▶ _Problem_: Without including any pictures, reproduce all the lines below word for word.

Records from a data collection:
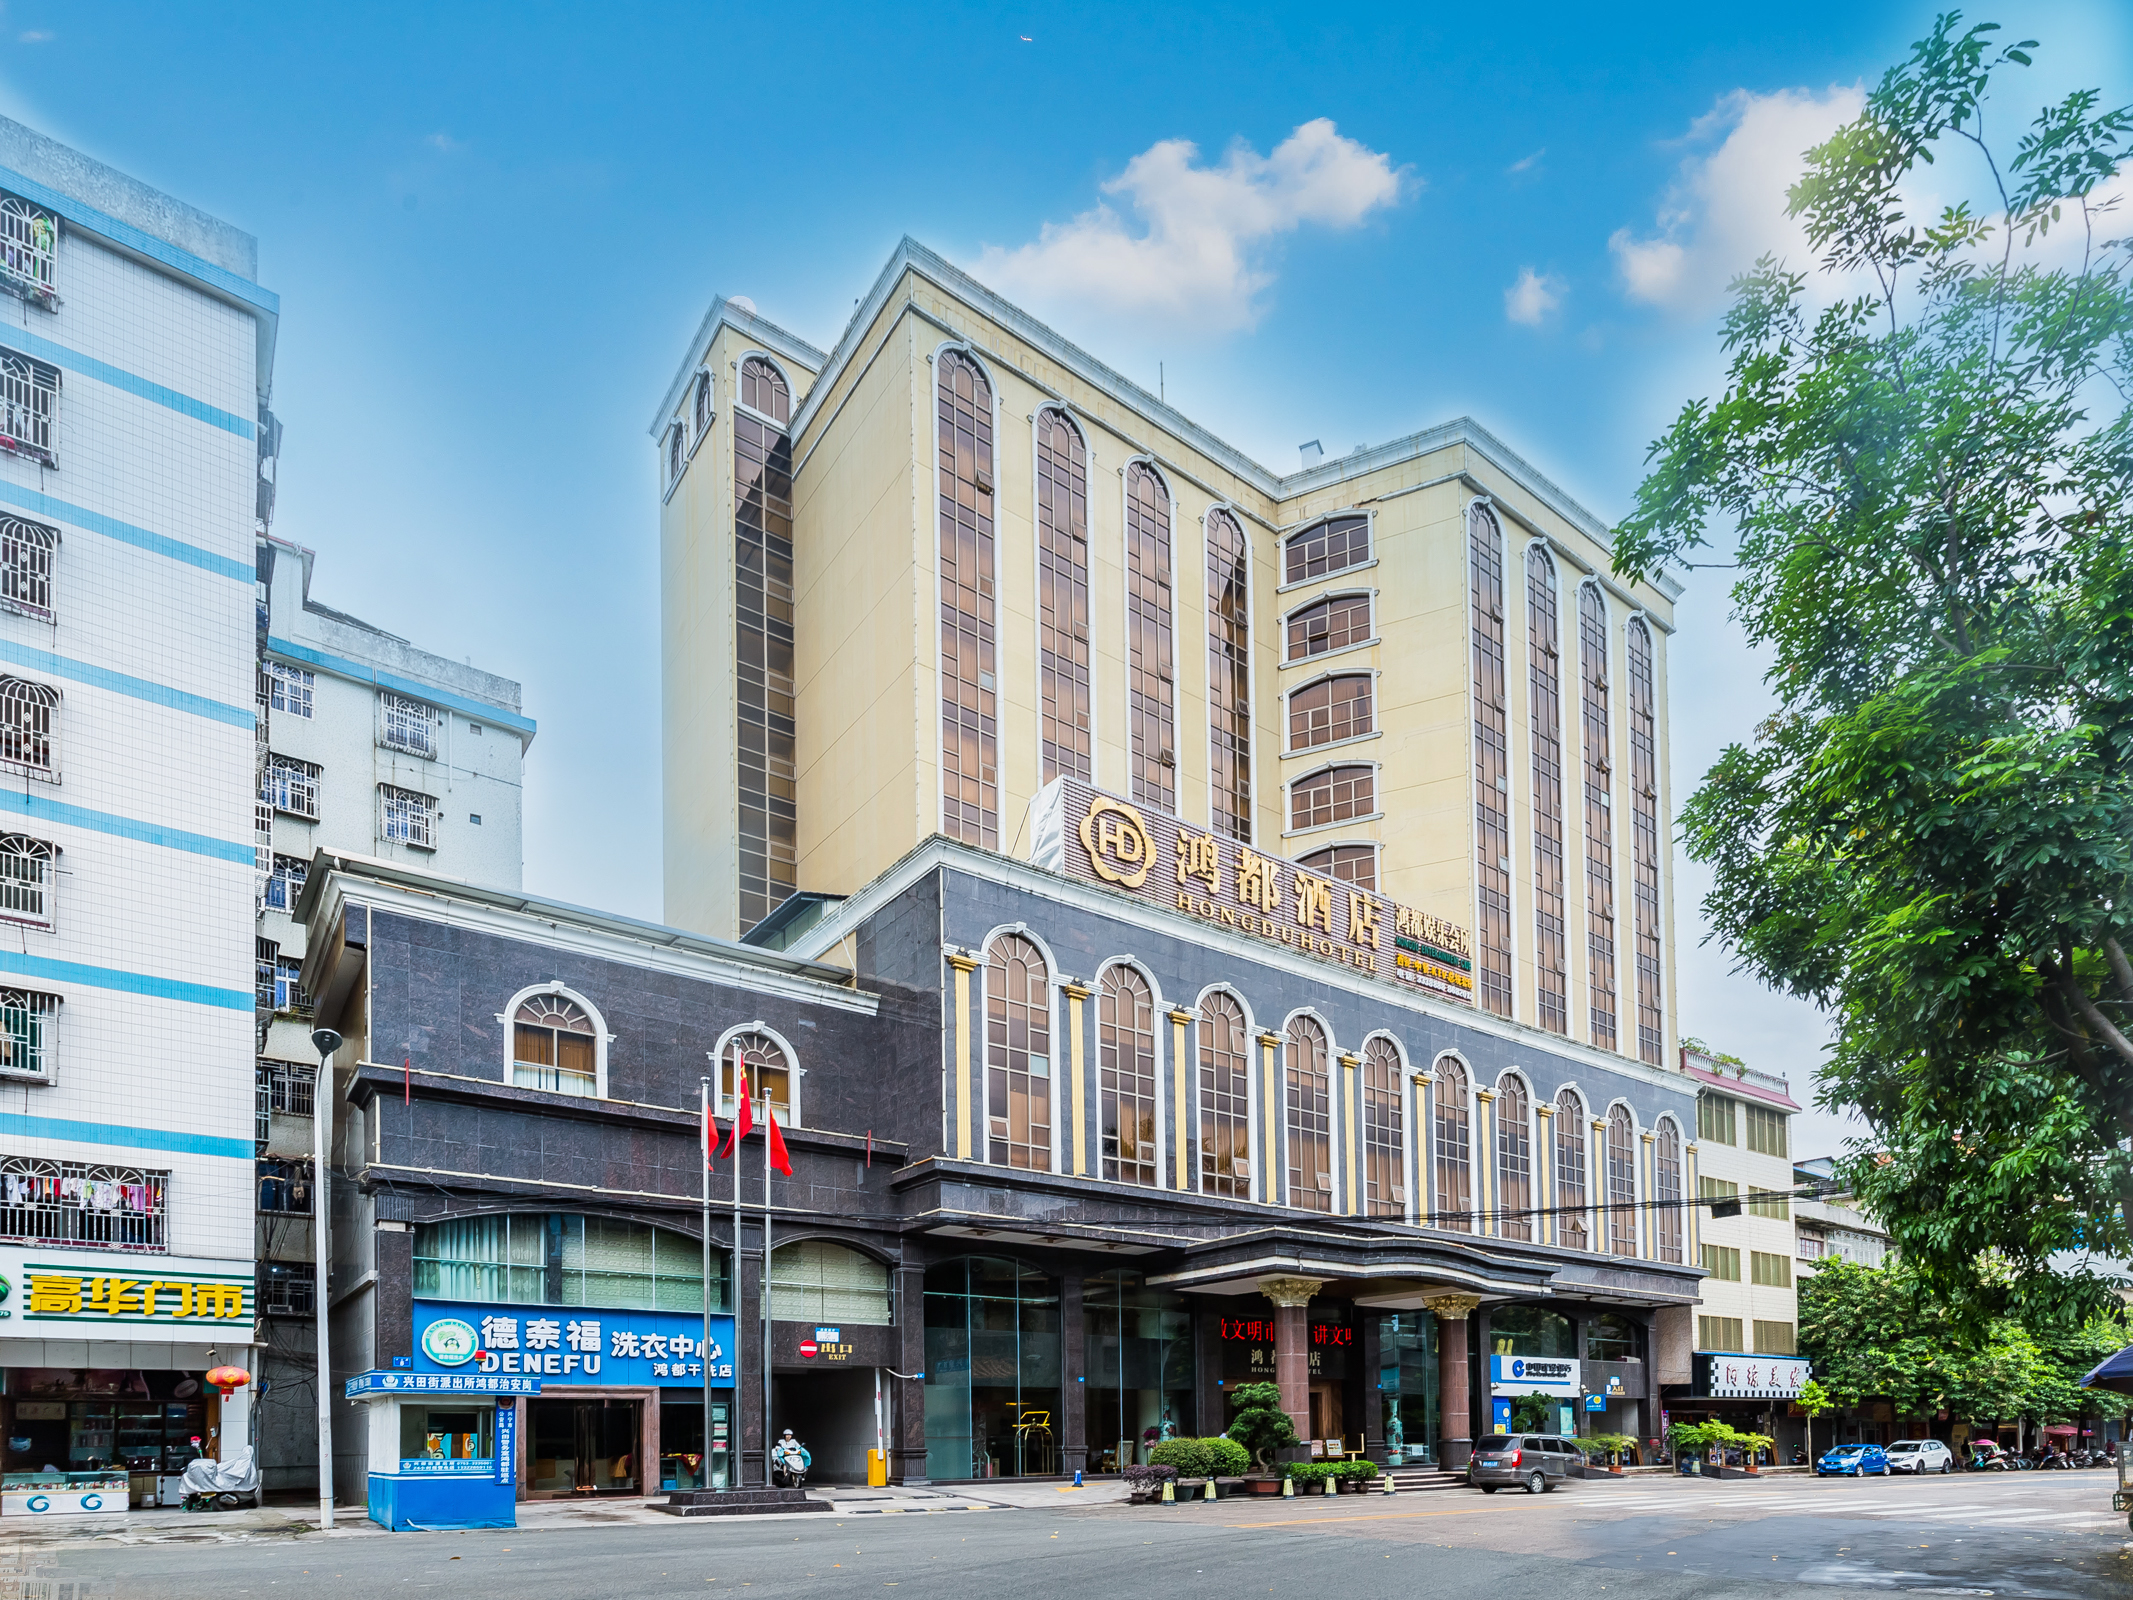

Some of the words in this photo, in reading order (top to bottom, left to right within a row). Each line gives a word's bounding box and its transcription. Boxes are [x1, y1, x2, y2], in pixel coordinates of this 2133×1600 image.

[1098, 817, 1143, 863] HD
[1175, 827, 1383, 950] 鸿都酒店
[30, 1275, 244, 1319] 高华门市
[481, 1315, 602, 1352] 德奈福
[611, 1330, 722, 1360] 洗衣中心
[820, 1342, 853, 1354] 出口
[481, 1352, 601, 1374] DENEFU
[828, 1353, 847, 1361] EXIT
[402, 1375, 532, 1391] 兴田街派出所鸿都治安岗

▶ _The completed task_:
Some of the words in this photo, in reading order (top to bottom, left to right within a row). Each line gives a word's bounding box and its transcription. Boxes are [x1, y1, x2, y2], in pixel coordinates of this 2133×1600 image.

[1098, 817, 1143, 863] HD
[1175, 827, 1383, 950] 鸿都酒店
[30, 1275, 244, 1319] 高华门市
[481, 1315, 602, 1352] 德奈福
[611, 1330, 722, 1360] 洗衣中心
[820, 1342, 853, 1354] 出口
[481, 1352, 601, 1374] DENEFU
[828, 1353, 847, 1361] EXIT
[402, 1375, 532, 1391] 兴田街派出所鸿都治安岗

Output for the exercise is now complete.